Actually, I read the whole paper thinking that Daw et al. drew a random sample and did statistical estimation but then I changed my mind.  I got my initial impression at the beginning because they say

This epidemiological community-based study was guided by previously published studies and guidelines.

They then cite the (horrible) Roberts et al. (2004) Iraq survey as providing a framework for their research (see this and follow the links).   Since Roberts et al. was a sample survey I figured that Daw et al. was also a sample survey.  They then go on to say that

Face to face interviews were carried out with at least one member of each affected family….

This also seemed to point in the direction of a sample survey conducted on a bunch of randomly selected households.  (With this method you pick a bunch of households at random, find out how many people lived and died in each one and then extrapolate a national death rate from the in-sample death data.)

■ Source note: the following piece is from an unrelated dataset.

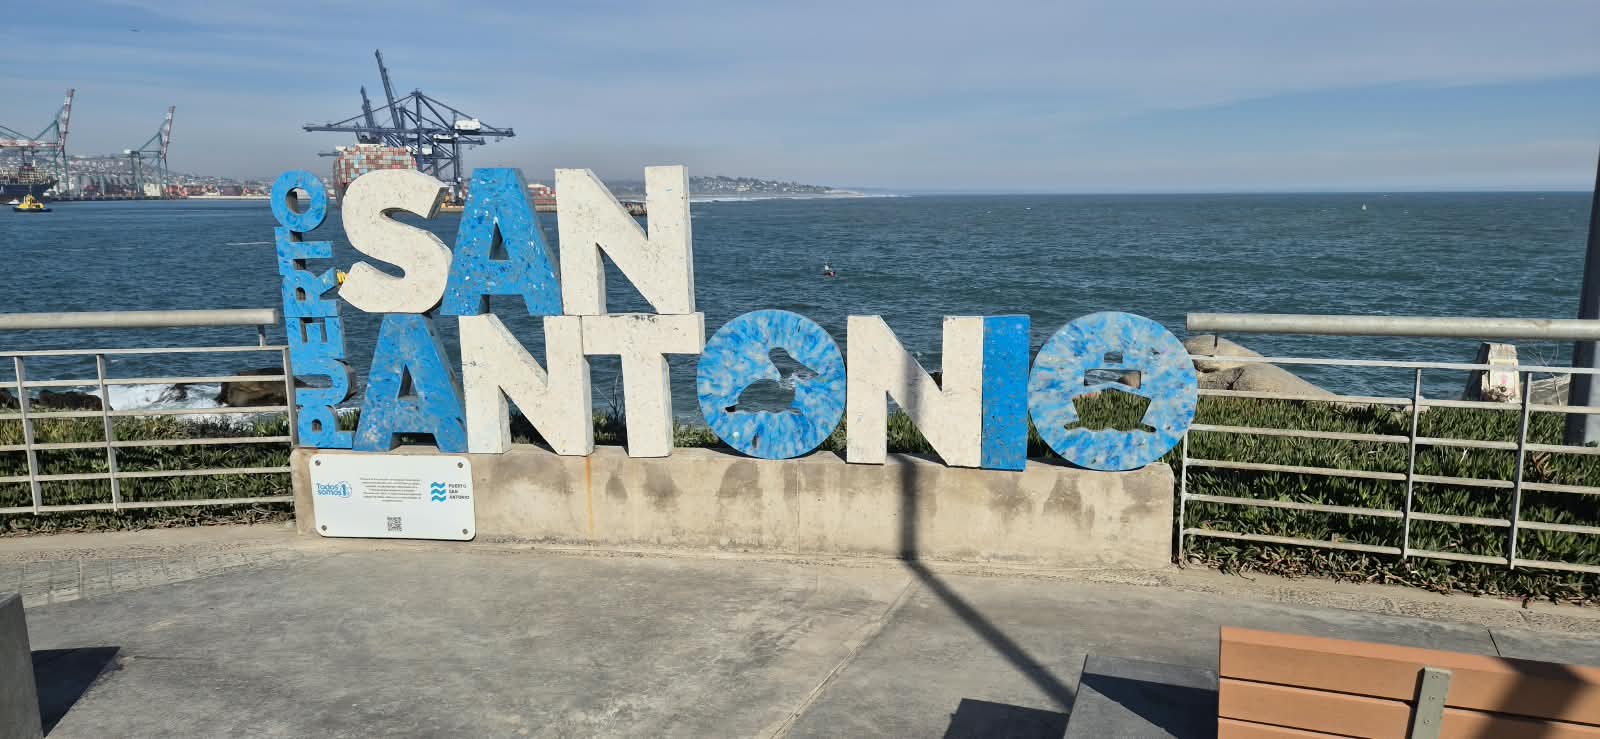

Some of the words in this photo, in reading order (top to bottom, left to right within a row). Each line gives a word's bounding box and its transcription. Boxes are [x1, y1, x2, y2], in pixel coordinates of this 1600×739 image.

[270, 169, 356, 449] PUERTO
[338, 165, 695, 316] SAN
[352, 309, 1198, 471] ANTONIO
[316, 482, 339, 490] Todos

But then I realized that the above quote continues with

…listed in the registry of the Ministry of Housing and Planning

Hmmmm….so they interviewed all affected families listed in the registry of some Ministry.  This registry cannot have been a registry of every family living in the areas covered by the survey because there are far more families there than could have been interviewed on this project.  (The areas covered contain around 4.2 million people according to Table 1 of the paper and  surely Daw et al. did not conduct hundreds of thousands of interviews.)

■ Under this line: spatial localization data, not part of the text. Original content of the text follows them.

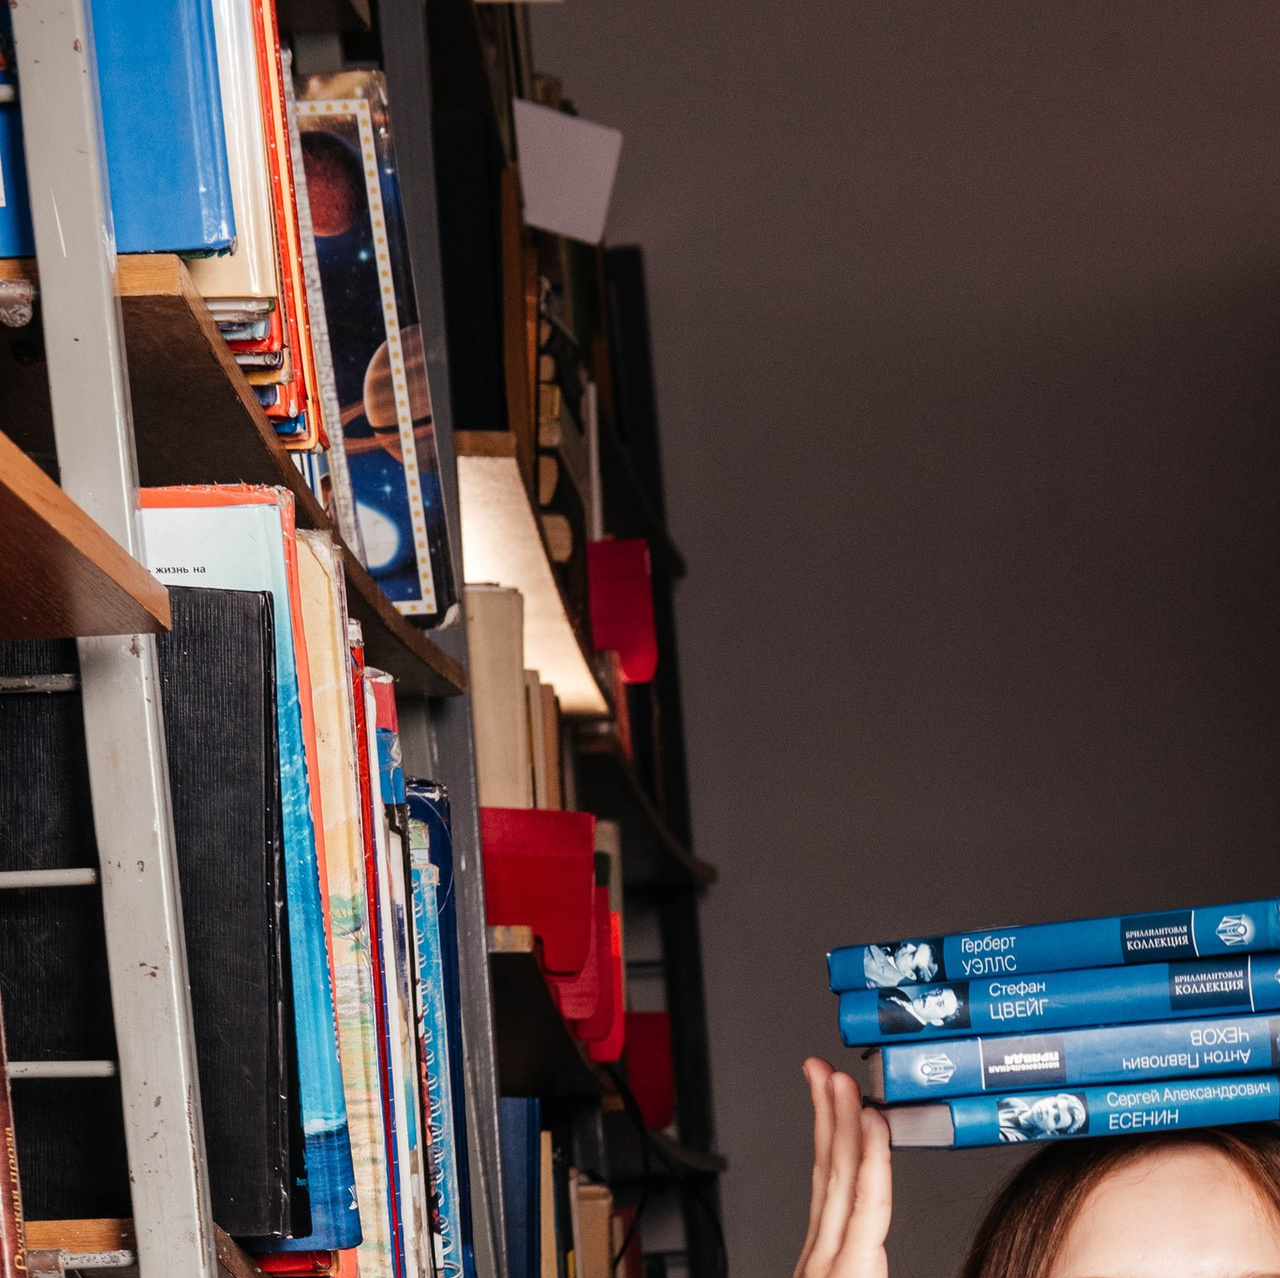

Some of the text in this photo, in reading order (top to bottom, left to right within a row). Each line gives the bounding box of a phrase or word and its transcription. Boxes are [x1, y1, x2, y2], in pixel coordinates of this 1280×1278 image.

[1125, 925, 1188, 939] БРИЛЛИАНТОВАЯ
[961, 935, 1016, 953] Герберт
[1126, 935, 1189, 951] КОЛЛЕКЦИЯ
[961, 955, 1017, 976] УЭЛЛС
[1174, 970, 1243, 984] БРИЛЛИАНТОВАЯ
[989, 981, 1046, 997] Стефан
[1175, 981, 1244, 996] КОЛЛЕКЦИЯ
[989, 998, 1049, 1020] ЦВЕЙГ
[1190, 1027, 1250, 1047] ЧЕХОВ
[1003, 1051, 1060, 1066] ПРАВДА
[1122, 1048, 1251, 1070] Антон Павлович
[1107, 1081, 1271, 1108] Сергей Александрович
[1108, 1109, 1179, 1130] ЕСЕНИН
[5, 1127, 27, 1270] Русская проза

So I’m guessing that the interviews were just of people from families on an official list of victims; killed, injured or displaced.  This guess places a lot of emphasis on one interpretation of the words “listed” and “affected” but it does make some sense.

To be clear, even interviewing one representative from every affected family would have been a gargantuan task since Daw et al. identify around 40,000 casualties (killings plus injuries) and more than 400,000 displaced people.  So we would still be talking about tens of thousands of interviews.

To be honest, now I’m wondering if all these interviews really happened.  That’s an awful lot of interviews and they would have been conducted in the middle of a war.

So now I’m back to thinking that maybe it was a sample survey of a few thousand households.  But if so then the write up has the large flaw that there is no description whatsoever of how its sample was drawn (if, indeed, there was a sample).

Something is definitely wrong here.  I shouldn’t have to get out a Ouiji board to divine the authors’ methodology.

The Syria survey discussed a few weeks ago seems to be in a different category.  For that one I have a lot of questions about what they did combined with doubts about whether their methods make sense.  But this Libya write-up seems weird to the point where I wonder whether they were actually out in the field at all.

Maybe an email to Dr. Daw will clear things up in a positive way.  With the Syria paper emailing the lead author got me nowhere but maybe here it will work.  I’m afraid that the best case scenario is that Daw et al. did some useful field work that was obscured by a poor write up and that there is a better paper waiting to get written.